Your instructions |
Word for word, restate every line of the material.

Records for processing |
===============
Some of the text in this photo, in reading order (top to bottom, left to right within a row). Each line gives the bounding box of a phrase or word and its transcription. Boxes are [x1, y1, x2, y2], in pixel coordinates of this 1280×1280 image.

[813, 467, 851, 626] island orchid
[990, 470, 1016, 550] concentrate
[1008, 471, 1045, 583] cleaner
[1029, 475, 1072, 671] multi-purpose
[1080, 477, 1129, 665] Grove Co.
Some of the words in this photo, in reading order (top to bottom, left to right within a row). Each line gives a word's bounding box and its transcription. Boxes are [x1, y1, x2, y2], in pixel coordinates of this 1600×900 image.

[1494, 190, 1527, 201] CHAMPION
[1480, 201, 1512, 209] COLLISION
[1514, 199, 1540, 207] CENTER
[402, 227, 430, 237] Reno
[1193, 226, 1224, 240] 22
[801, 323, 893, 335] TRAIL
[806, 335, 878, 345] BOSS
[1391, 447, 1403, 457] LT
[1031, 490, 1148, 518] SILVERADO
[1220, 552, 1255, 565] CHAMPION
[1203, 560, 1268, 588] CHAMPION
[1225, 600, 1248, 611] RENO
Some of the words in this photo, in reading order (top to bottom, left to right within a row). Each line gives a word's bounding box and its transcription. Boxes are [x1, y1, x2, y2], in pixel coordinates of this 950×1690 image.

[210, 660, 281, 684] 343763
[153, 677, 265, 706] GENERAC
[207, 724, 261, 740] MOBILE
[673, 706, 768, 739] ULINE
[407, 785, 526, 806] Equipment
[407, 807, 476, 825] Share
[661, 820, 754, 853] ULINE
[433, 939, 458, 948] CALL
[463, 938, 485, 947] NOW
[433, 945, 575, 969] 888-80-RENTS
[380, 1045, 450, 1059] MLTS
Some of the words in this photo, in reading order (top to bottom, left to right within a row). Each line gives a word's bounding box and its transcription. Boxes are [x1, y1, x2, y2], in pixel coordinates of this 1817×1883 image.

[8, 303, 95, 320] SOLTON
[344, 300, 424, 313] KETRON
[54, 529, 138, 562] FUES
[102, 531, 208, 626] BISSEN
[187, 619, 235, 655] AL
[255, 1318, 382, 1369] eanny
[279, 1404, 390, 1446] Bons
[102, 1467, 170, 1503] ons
===============
Reply |
Some of the text in this photo, in reading order (top to bottom, left to right within a row). Each line gives the bounding box of a phrase or word and its transcription. Boxes are [x1, y1, x2, y2], in pixel coordinates of this 1280×1280 image.

[813, 467, 851, 626] island orchid
[990, 470, 1016, 550] concentrate
[1008, 471, 1045, 583] cleaner
[1029, 475, 1072, 671] multi-purpose
[1080, 477, 1129, 665] Grove Co.
Some of the words in this photo, in reading order (top to bottom, left to right within a row). Each line gives a word's bounding box and its transcription. Boxes are [x1, y1, x2, y2], in pixel coordinates of this 1600×900 image.

[1494, 190, 1527, 201] CHAMPION
[1480, 201, 1512, 209] COLLISION
[1514, 199, 1540, 207] CENTER
[402, 227, 430, 237] Reno
[1193, 226, 1224, 240] 22
[801, 323, 893, 335] TRAIL
[806, 335, 878, 345] BOSS
[1391, 447, 1403, 457] LT
[1031, 490, 1148, 518] SILVERADO
[1220, 552, 1255, 565] CHAMPION
[1203, 560, 1268, 588] CHAMPION
[1225, 600, 1248, 611] RENO
Some of the words in this photo, in reading order (top to bottom, left to right within a row). Each line gives a word's bounding box and its transcription. Boxes are [x1, y1, x2, y2], in pixel coordinates of this 950×1690 image.

[210, 660, 281, 684] 343763
[153, 677, 265, 706] GENERAC
[207, 724, 261, 740] MOBILE
[673, 706, 768, 739] ULINE
[407, 785, 526, 806] Equipment
[407, 807, 476, 825] Share
[661, 820, 754, 853] ULINE
[433, 939, 458, 948] CALL
[463, 938, 485, 947] NOW
[433, 945, 575, 969] 888-80-RENTS
[380, 1045, 450, 1059] MLTS
Some of the words in this photo, in reading order (top to bottom, left to right within a row). Each line gives a word's bounding box and its transcription. Boxes are [x1, y1, x2, y2], in pixel coordinates of this 1817×1883 image.

[8, 303, 95, 320] SOLTON
[344, 300, 424, 313] KETRON
[54, 529, 138, 562] FUES
[102, 531, 208, 626] BISSEN
[187, 619, 235, 655] AL
[255, 1318, 382, 1369] eanny
[279, 1404, 390, 1446] Bons
[102, 1467, 170, 1503] ons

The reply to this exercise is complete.